Comment se fait-il que l’État japonais ait pu atteindre
un tel niveau d’endettement alors que récemment de nombreux
États de la zone euro (PIIGS [1]) se sont retrouvés exclus (ou
ont été proches de l’être) des marchés
financiers faute d’investisseurs ayant confiance dans leurs obligations
souveraines ? La principale explication est que la dette souveraine
japonaise est très majoritairement (à 91%) détenue par
des résidents, qui sont une clientèle captive, comme on peut le
constater sur ce graphique résumant les détenteurs d’obligations
d’État :
Parmi les détenteurs de dette souveraine nous pouvons trouver
la Banque du Japon (BoJ), qui en détenait
à fin 2012 114 trillions de yens se décomposant en 89,2
trillions de JGB [2] et 24,5 trillions de Treasury
Bills [3]. Cela correspond à environ 10% du total, soit 24% du PIB. A
titre de comparaison, la BCE, qui avait procédé au rachat de
dettes souveraines des PIIGS sur le marché secondaire, n’en a
pas possédé dans son bilan plus de 211 milliards d’euros,
soit environ 2% du PIB de la zone euro.
La BoJ continuera à racheter
massivement de la dette souveraine. Par contre, certains acheteurs traditionnels
de dette (comme le fonds de pension public) devraient devenir progressivement
vendeurs, à un rythme certes assez lissé dans le temps. En
effet, la génération du baby boom de
l’après guerre commence à
arriver à la retraite et la démographie japonaise laisse
présager une tendance assez lourde :
Le niveau de détention de dette japonaise par les
étrangers se situe d’ailleurs actuellement à un niveau
élevé et devrait donc continuer à progresser :
Le deuxième élément clef qui rend la dette
japonaise encore soutenable est la faiblesse du rendement offert, qui est directement
liée à une inflation faible. En effet, celle-ci, ou plus
exactement l’anticipation
d’inflation future, est une composante [4] importante du rendement que
l’investisseur va exiger pour prêter. Le relèvement de
l’objectif d’inflation de la BoJ risque
donc d’avoir des conséquences importantes en augmentant le
coût d’emprunt.
Négligeant ce risque, le Premier ministre du Japon, Shinzo Abe, a demandé à la BoJ d’atteindre une inflation de 2%. Il
espère ainsi effacer une partie de la dette par ce que Keynes appelait
l’euthanasie des rentiers.
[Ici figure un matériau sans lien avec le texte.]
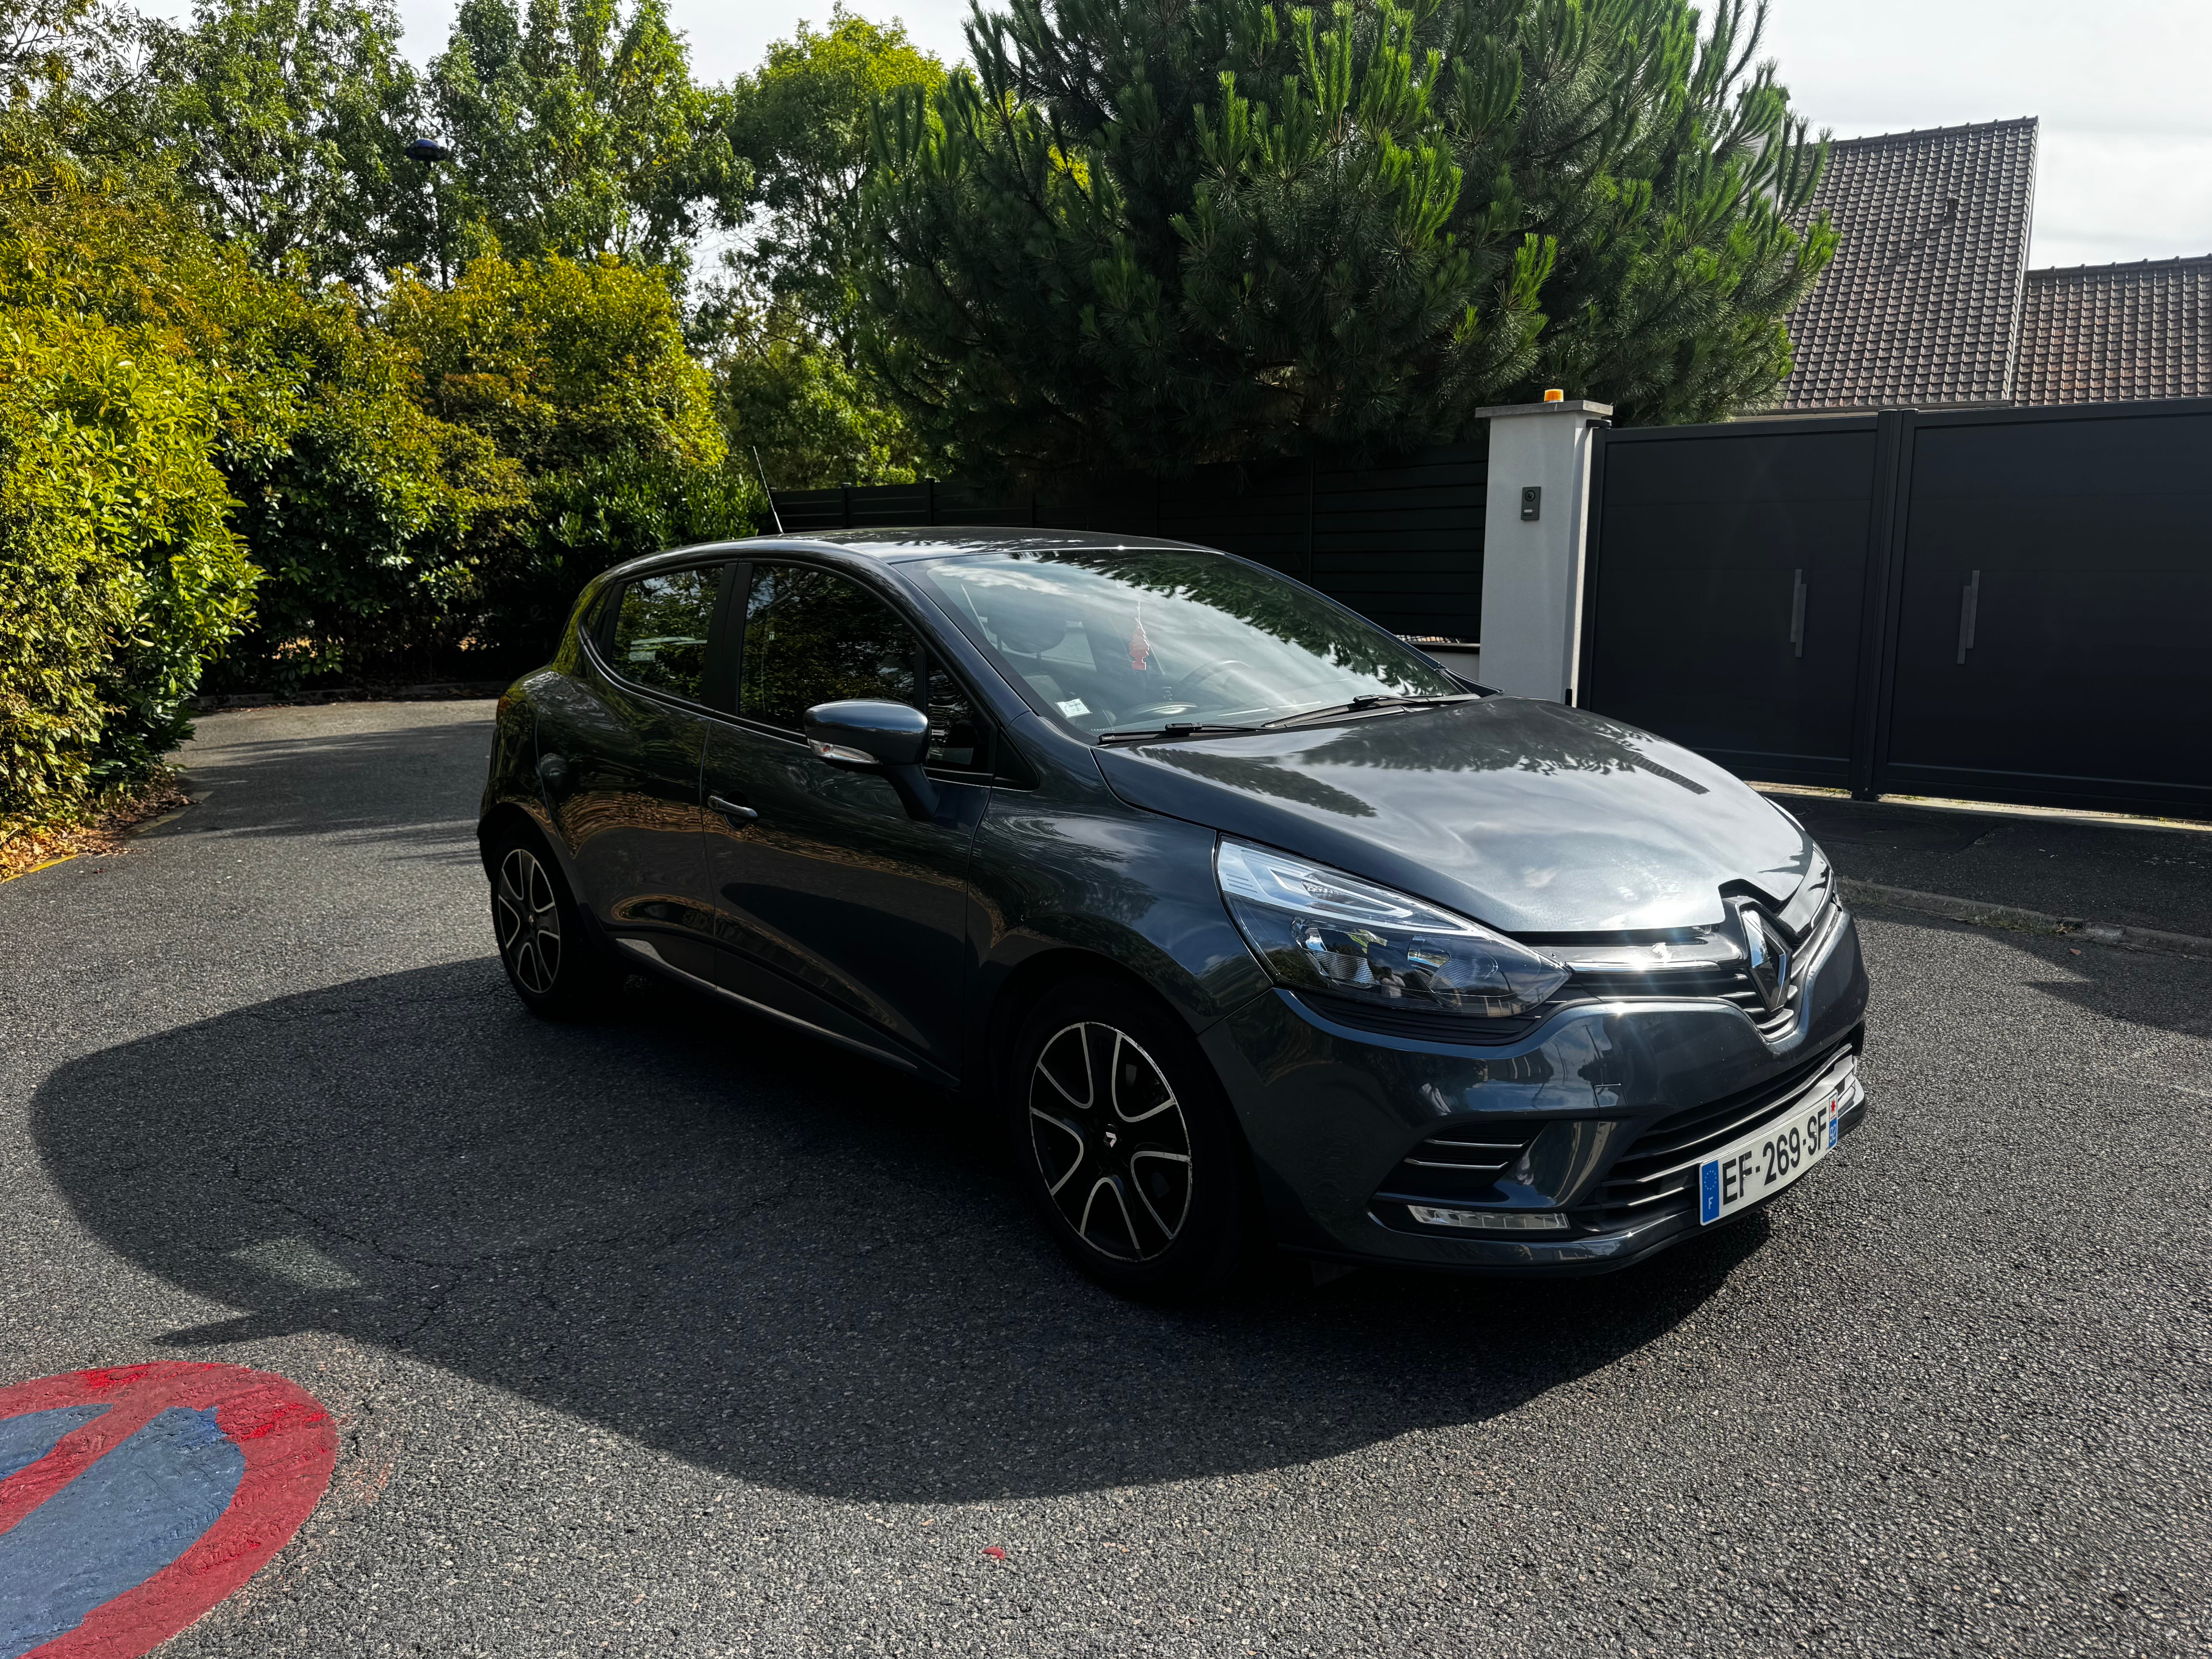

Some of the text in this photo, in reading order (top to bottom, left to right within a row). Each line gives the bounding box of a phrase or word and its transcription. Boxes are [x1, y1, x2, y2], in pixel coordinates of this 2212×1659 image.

[1829, 1123, 1836, 1143] 92
[1723, 1106, 1827, 1206] EF-269-SF
[1708, 1196, 1714, 1209] F
Les prêteurs sont bien
remboursés du bon nominal, mais avec une monnaie qui a perdu de la
valeur (via l’inflation donc). Par exemple, à raison d’une
inflation de 2,0% par an pendant 10 ans, 100 yens en début de
période ne valent plus que 82 yens à la fin : cette
monnaie s’est ainsi dépréciée de 18%.
Or, de 2001 à 2011, il y a eu une baisse des prix de 2,0%. Autant dire que le gouvernement japonais
n’a pas bénéficié du tout de l’effacement de
la dette par l’inflation. Le gouvernement a donc forcé la main
de Masaaki Shirakawa,
l'actuel gouverneur de la BoJ, pour qu’il
relève l’objectif d’inflation de 1% à 2%, niveau
que le Japon n’a plus atteint depuis plus de 20 ans :
On constate que l’objectif de 1% d’inflation a rarement
été atteint. Pour autant, la nouvelle cible de 2% ne sera pas
facultative. Shinzo Abe est en effet monté
en agressivité devant le Sénat en parlant
de « revoir la loi fixant le
statut de la BoJ » si
l’objectif n’était pas atteint.
Masaaki Shirakawa,
qui doit quitter ses fonctions le 19 mars, affiche une certaine lucidité
sur les risques d’une telle politique. Il remarque à juste titre
que si l’objectif d’inflation augmente, alors les rendements
demandés par les marchés financiers seraient plus
élevés, ce qui renchérirait les conditions de
financement pour les nouvelles obligations. Il note (tout comme le FMI)
en outre que la stabilité
des banques, grandes détentrices de dette souveraine japonaise,
risquerait d’être mis à mal (une augmentation des taux
signifie une baisse du prix).
La dette japonaise a une durée de vie moyenne d’environ 7
ans, avec des maturités résiduelles assez courtes :
Ainsi, si l’on exclut les Treasury
Bills, environ 300 trillions de yens (2 400 milliards
d’euros !) de dette vont arriver à échéance
de 2013 à 2017. Il s’agit d’autant d’argent
qu’il faudra réemprunter, cela en plus des déficits
futurs. Cela veut dire que, sur une hypothèse (toute théorique)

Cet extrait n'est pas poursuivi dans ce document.